The fate of this mouse is what is really what is important, I have no time to talk about my climb.

"Mice occasionally commit rodent suicide" No, I am pretty sure it was not suicide at all.

You guys are not even getting warm. I will have to give you another hint. The mouse drowned, and he drowned on the top of the cliff. I do not wish to belittle the fate of this little mouse, and I think it is sad, very sad. But it was a real drowning [http://www.operationtakemehome.org/sar/Fire%20and%20Rescue%20Personnel/Biology%20of%20drowning.pdf [see below]] And when I tell you all how this little grey unfortunate mouse drowned you will all be so sorry you made too many jokes.
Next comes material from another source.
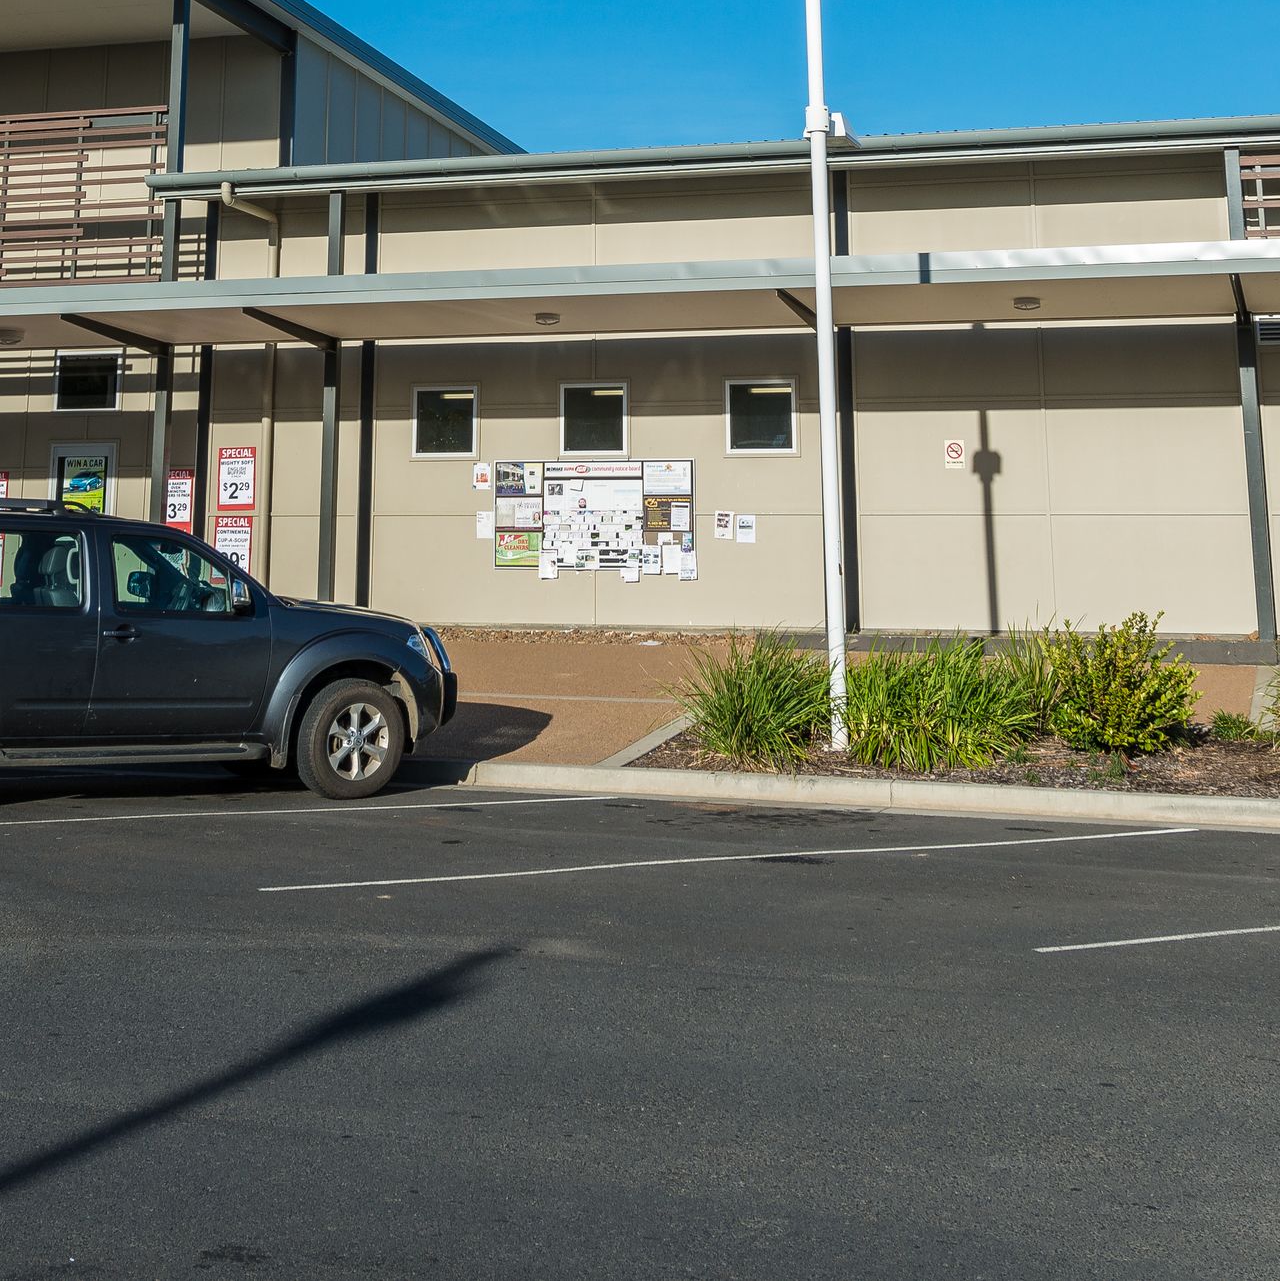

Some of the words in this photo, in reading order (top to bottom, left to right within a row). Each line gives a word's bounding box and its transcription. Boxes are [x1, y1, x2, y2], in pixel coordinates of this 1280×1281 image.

All kidding aside, drowning is a very hard way to go, and no mouse with even a no good brain would want to kill himself like this mouse died.
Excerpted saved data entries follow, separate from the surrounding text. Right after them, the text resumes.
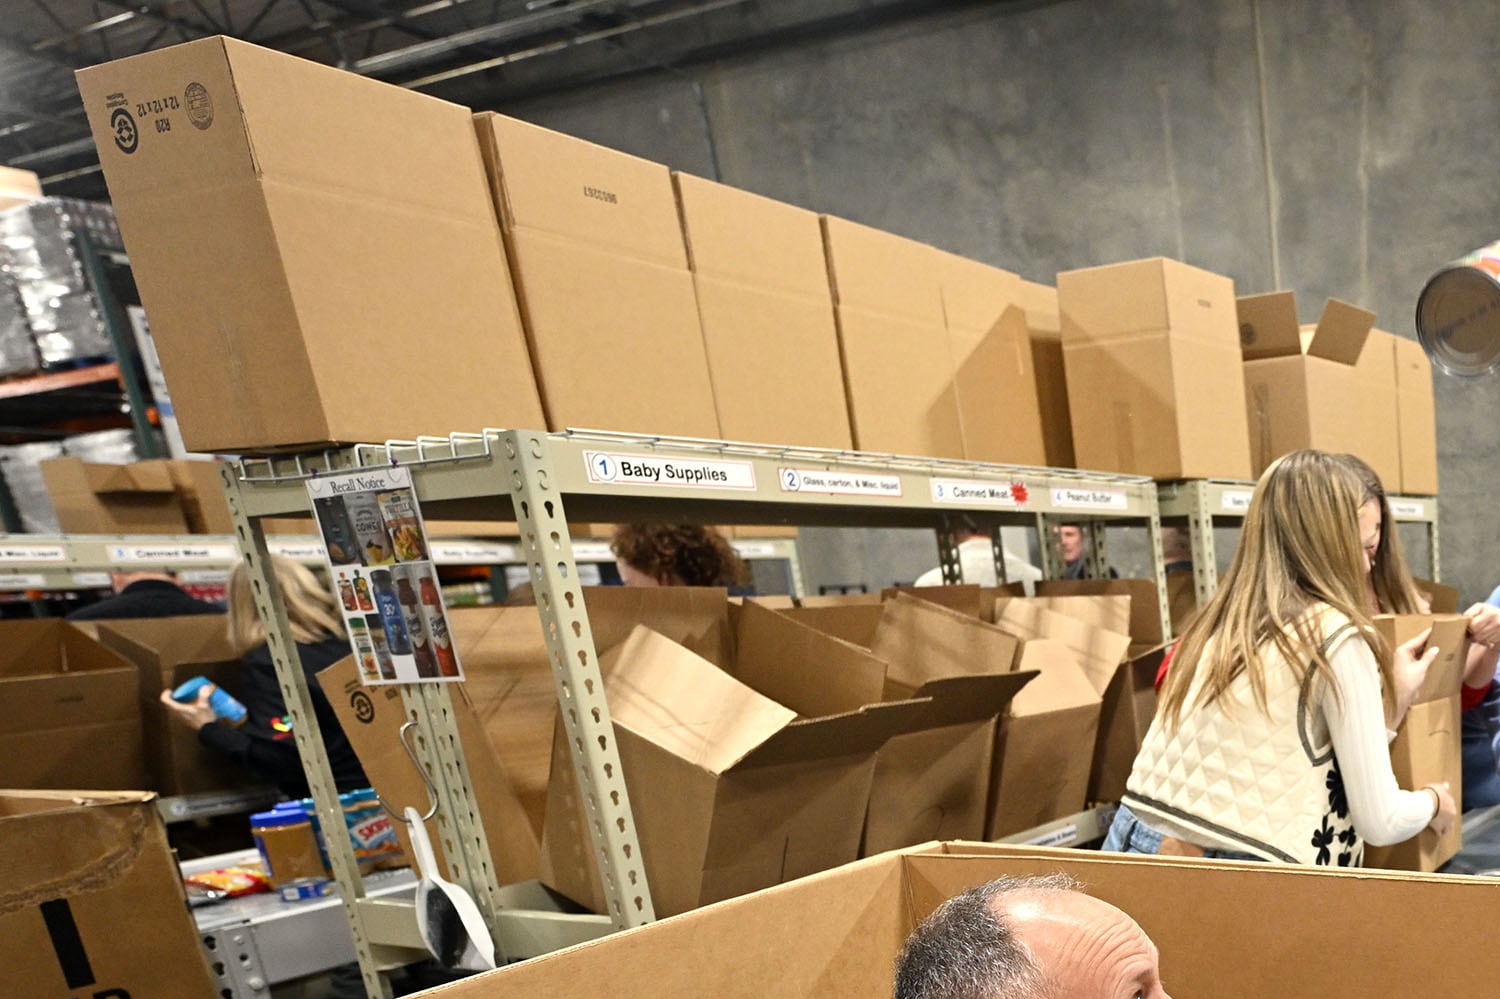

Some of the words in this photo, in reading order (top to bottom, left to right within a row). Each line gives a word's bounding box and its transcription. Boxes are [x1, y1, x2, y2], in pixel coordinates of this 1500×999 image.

[599, 459, 608, 475] 1
[621, 461, 661, 482] Baby
[664, 464, 728, 483] Supplies
[329, 478, 355, 494] Recall
[356, 476, 386, 490] Notice
[787, 472, 796, 487] 2
[937, 485, 944, 497] 3
[953, 486, 987, 498] Canned
[988, 488, 1009, 499] Meat
[1066, 491, 1091, 502] Peanut
[1092, 492, 1112, 503] Butter
"The usual sequence of events in a drowning is as follows:
Upon submersion, the victim holds his breath until forced to inhale. He gulps water. The water induces spasms of the larynx, which closes of the trachea to protect the lungs. Little water enters the lungs. With the trachea blocked by laryngospasms, no fresh air enters the lungs and the supply of oxygen begins to
fail. Lack of Oxygen, anoxia, affects the brain within 30 seconds the laryngospasms begin to weaken with imminent brain failure. The victim then inhales again, this time aspirating water into the lungs before a fresh spasm closes the trachea again but for a shorter duration. With each successive inhalation, more water is aspirated; anoxia increases, and
laryngospasm duration decreases until they are finally abolished and the lungs are filled with water. If drowning reaches this point, the chance of resuscitation is poor. While spasms
are still occurring and protecting the airway, resuscitation efforts are more likely to succeed. Recovery is such cases may occur spontaneously. For the person confronted with an unconscious individual freshly removed from the water, anesthesiologists have recommended the following guideline:
If the victim is breathing, he will recover spontaneously and resuscitation is not required. If the victim is not breathing, the pulse should be checked. If there is a pulse, begin mouth-to-mouth resuscitation. If there is no pulse begin CPR. Rapid recovery of a drowned person is of vital importance to the victim's family and local law enforcement. Insurance settlements, pensions, contracts and estate problems may be delayed indefinitely pending recovery and identification of the body."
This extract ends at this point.